The Poetry of the Earth is Never Dead

- John Keats

With the use of hospital emergency rooms on the rise for uninsured patients, and due to private physicians’ enormous caseloads booking weeks or months in advance, the ER One project at Washington Hospital Center – D.C.’s largest trauma center – was a pivotal undertaking for Huelat Parimucha. Tantamount to designing a durable and tractable environment to withstand 21st century catastrophes such as human fallout from emerging terrorist attacks, the firm’s goal was to create a sense of calm, respite, hope and healing in traditionally frenetic terrain, both for patients and staff.

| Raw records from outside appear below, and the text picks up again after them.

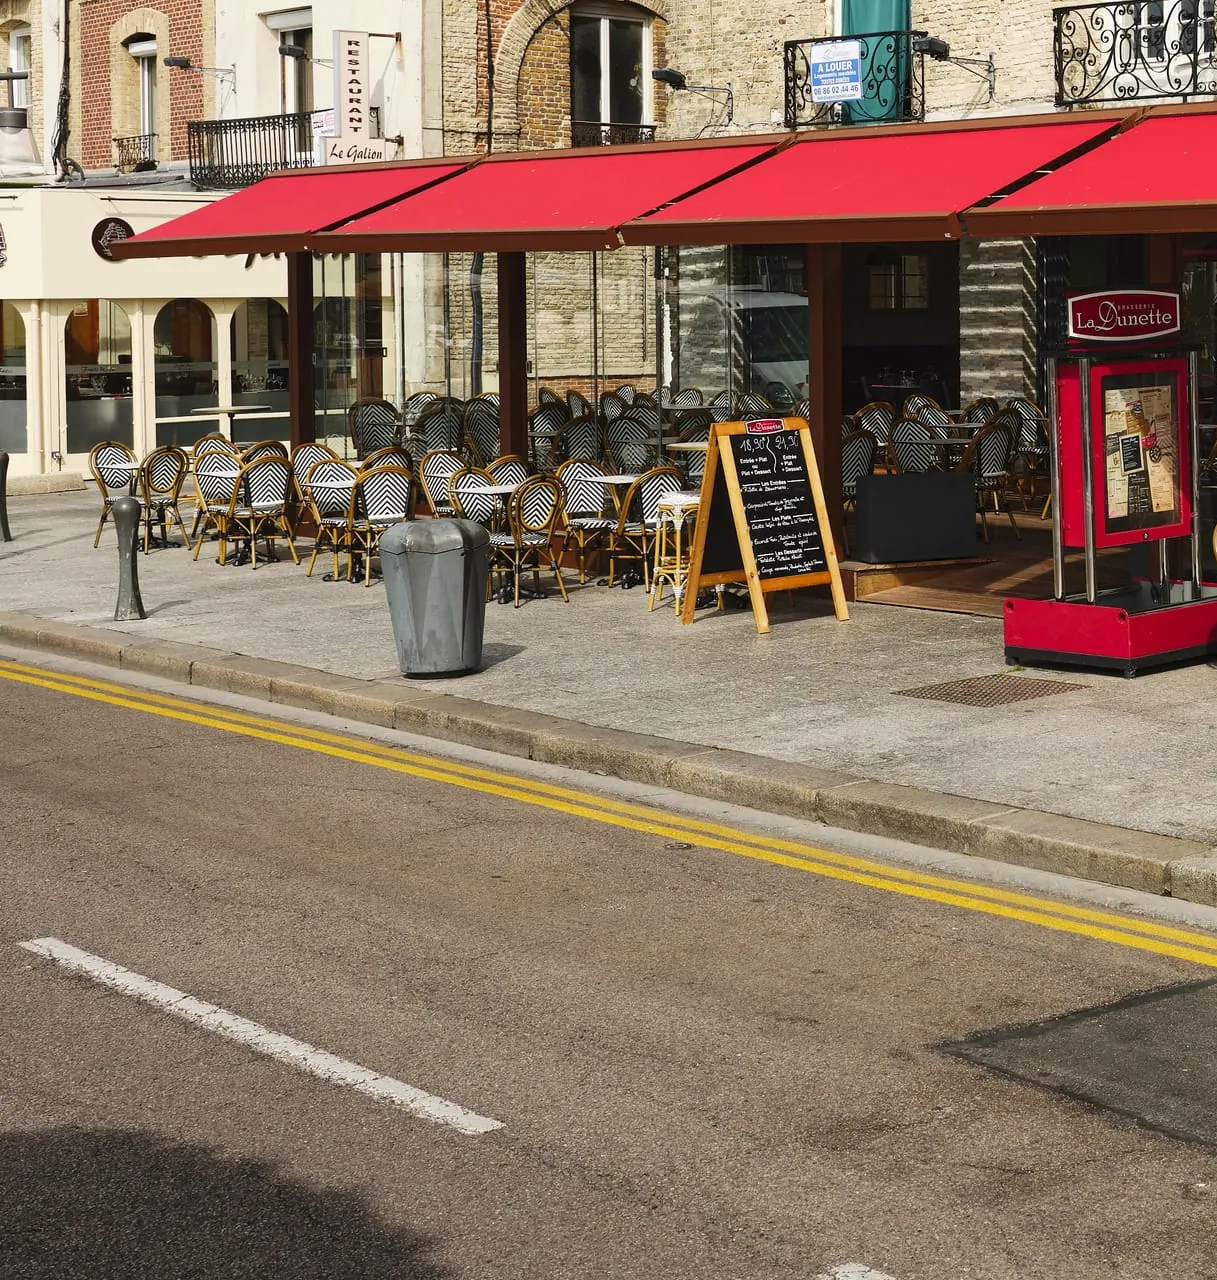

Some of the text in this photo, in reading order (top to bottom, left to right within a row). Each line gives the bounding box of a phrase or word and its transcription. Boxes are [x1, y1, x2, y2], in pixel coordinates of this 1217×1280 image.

[818, 61, 852, 73] A LOUER
[347, 40, 362, 132] RESTAURANT
[813, 87, 822, 96] 06
[822, 86, 831, 95] 86
[831, 85, 840, 94] 02
[850, 84, 859, 92] 46
[330, 143, 382, 162] Le Galion
[1117, 303, 1156, 311] BRASSERIE
[1076, 300, 1172, 331] La Dunette

For Parimucha, who as a member of the Air Force had spent 10 years working for the Surgeon General’s office as an architect on military installations and health care facilities, the inclusion or close replication of nature - or organic design - was a key component in health care design and especially in ER One. Incorporating “fractal design” into their plans, or what Huelat calls “nature’s geometry” - recreating the way snowflakes look and fall in a kaleidoscope pattern or the veins in a leaf resemble a tree, the firm sought to replicate these forms in floor patterns, walkways, furnishings and more in ER One. “You can see fractal design on shorelines, on beaches and in erosion,” Huelat explained. “There are no left turns at the beach; it’s very gradual curves,” as opposed to abrupt and jarring lines and colors. A former hospice volunteer, Huelat said her patients inevitably wanted to be outdoors, or if that was not possible, to have visual access. “What is it about nature?” she asked. “We’ve been living that way (since the beginning of evolution). Only the last 100 years or so have we spent more time indoors than out. We’re now in a really foreign building environment – our whole life is in buildings and we rarely get outside,” she added, noting the application of nature to health care environments greatly impacts patient well-being by reducing stress, encouraging rest and thereby promoting healing.

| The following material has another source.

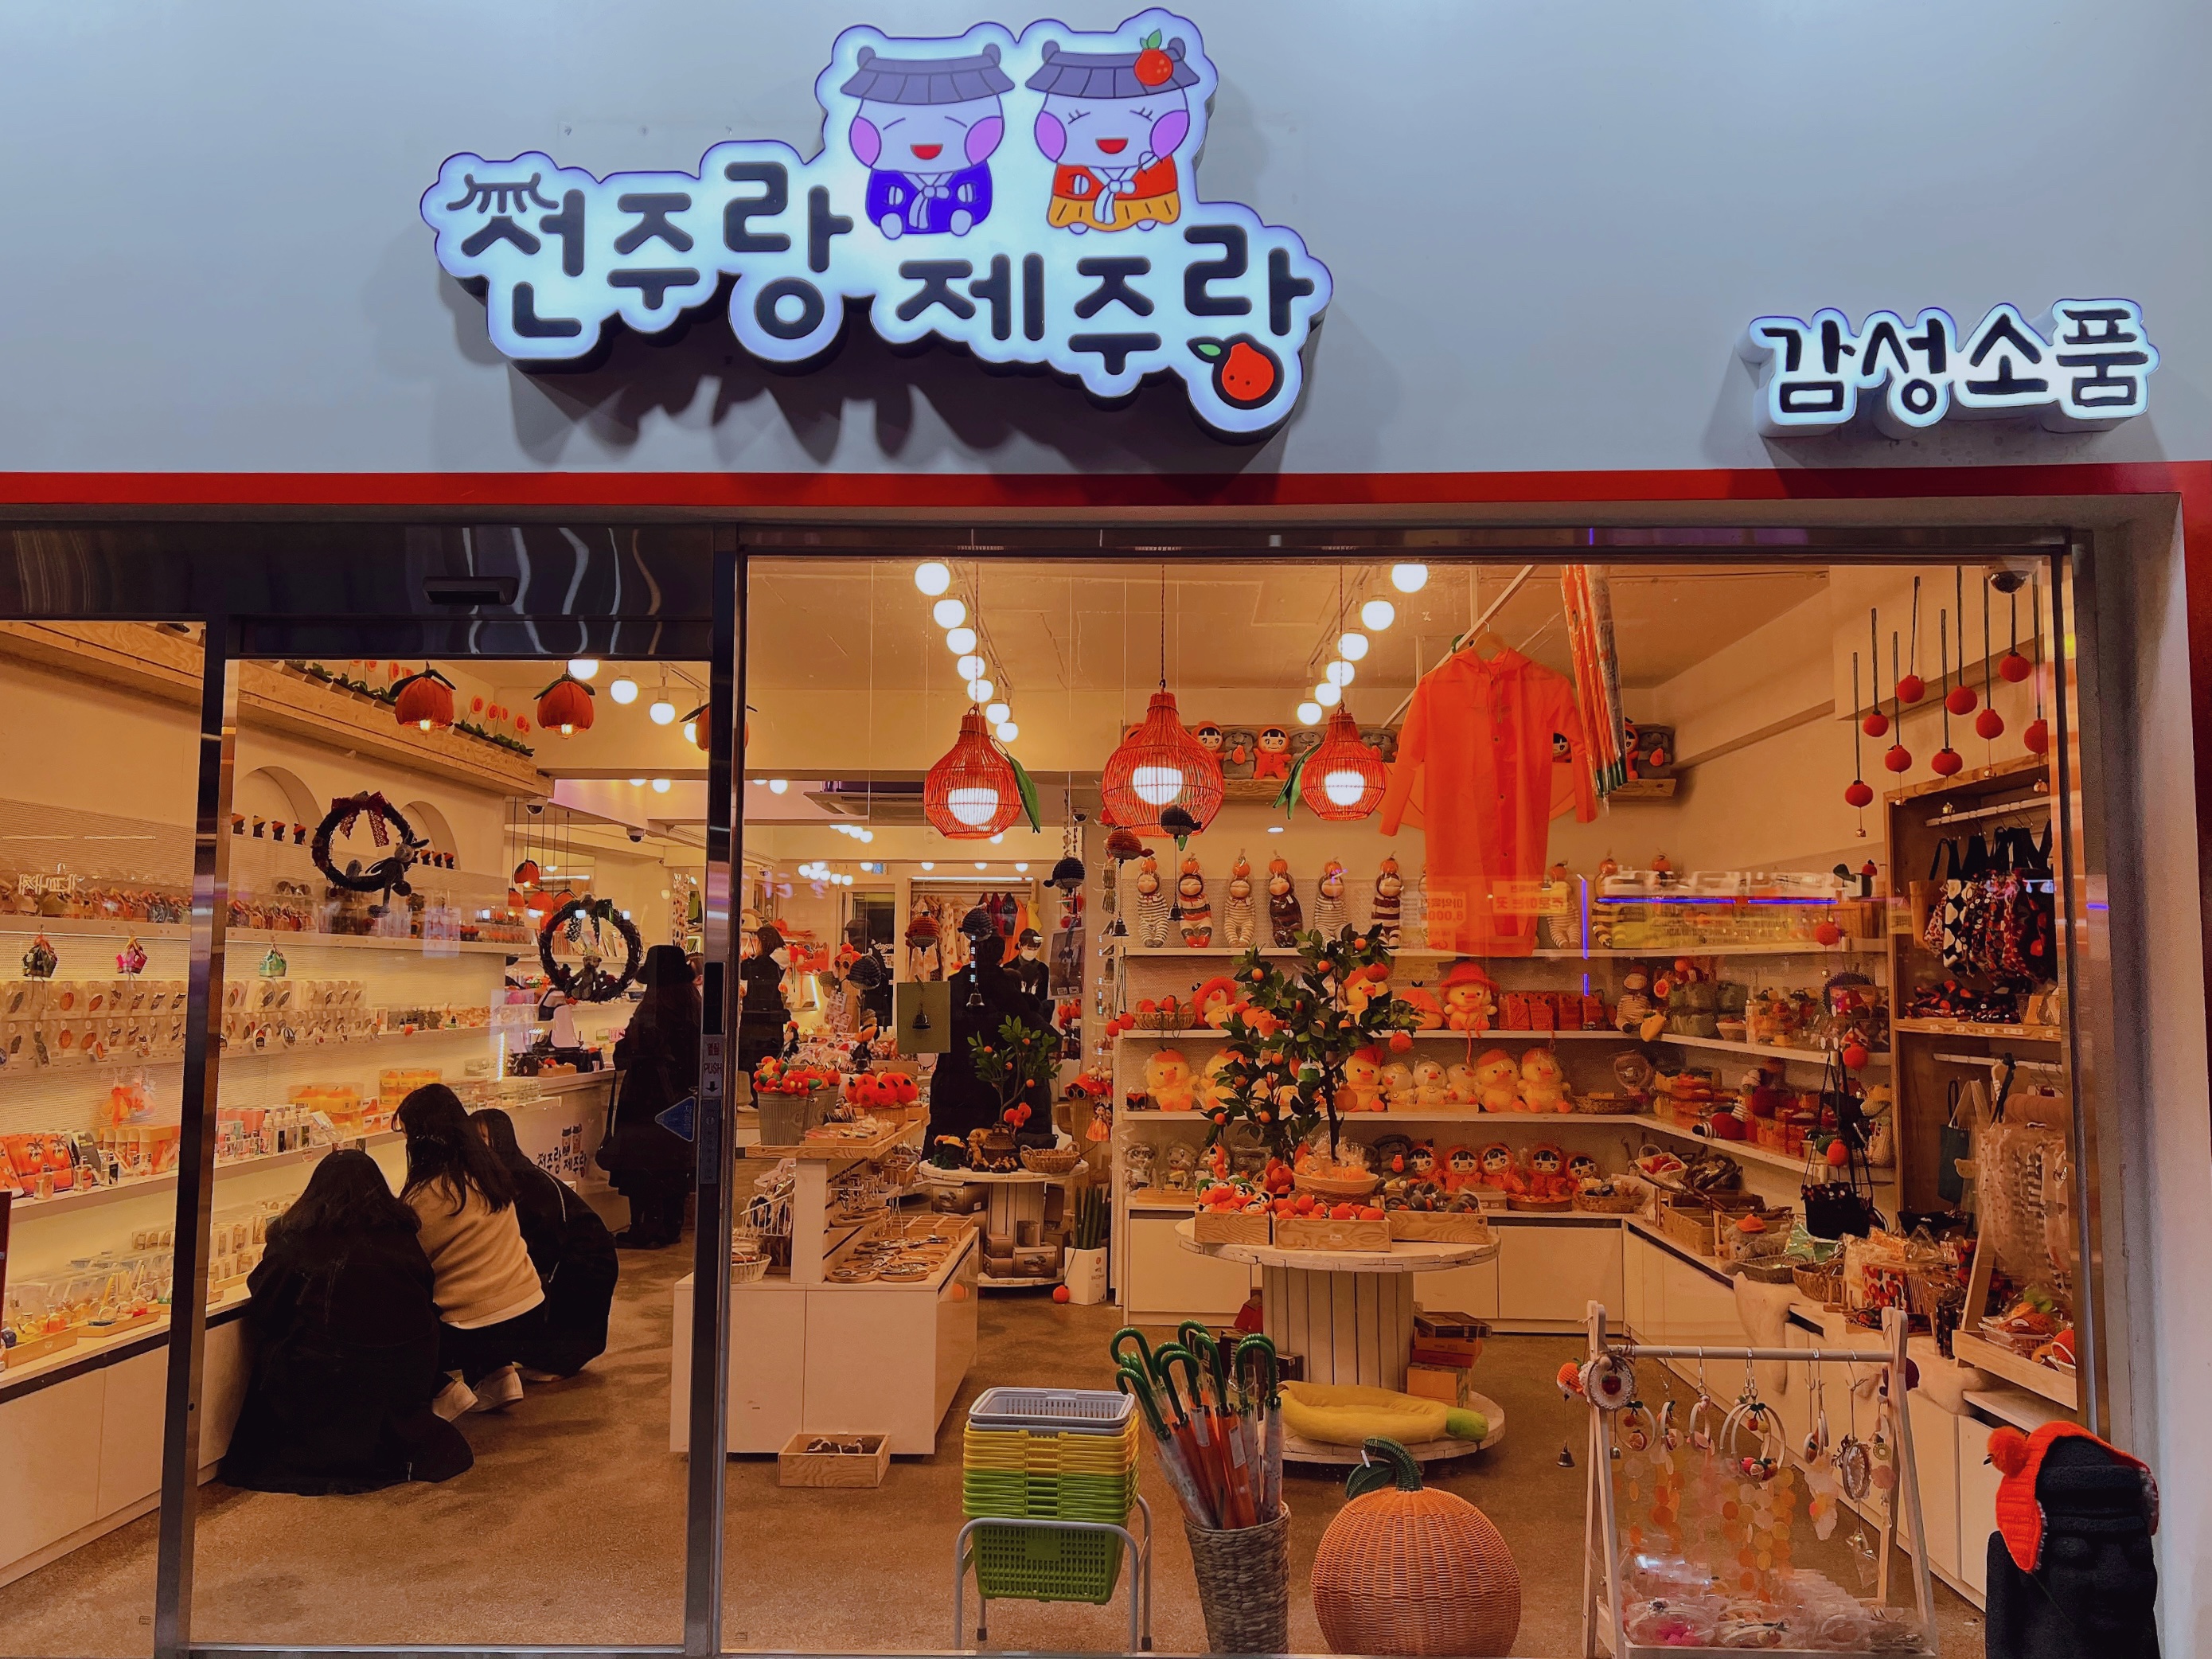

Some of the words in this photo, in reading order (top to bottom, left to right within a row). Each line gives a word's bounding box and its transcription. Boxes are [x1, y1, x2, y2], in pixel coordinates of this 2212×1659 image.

The VA, which traditionally adhered to standards “and just reproducing those standards,” according to Huelat, as opposed to more holistic, patient-centered care, is now implementing Planetree design at many of their facilities. With four contracts to create community-oriented living centers for young vets from the Gulf War, Huelat Parimucha’s subjects are patients their 20s and 30s with traumatic brain injuries, paralysis or multiple-amputees. “They are not in their 80s and 90s,” Huelat said, “so these are not nursing homes.” Rather they will consist of smaller households in a neighborhood concept, each with 10-15 single occupant bedrooms, combined with a kitchen, living and dining room. Nearby in more public spaces will be a post office, barbershop, activities center, computer center and more. Design of each living center will involve organic components, as do all of the firm’s projects.

“It’s a very exciting, revolutionary approach to healing,” Huelat said. “Our culture, including the aging baby boom generation now in the midst of moving into increased health care needs, is becoming a very demanding audience. In the next 20 years, we’re going to see a very dramatic change in health care delivery, more focused on the patient experience than just the medical treatment itself.”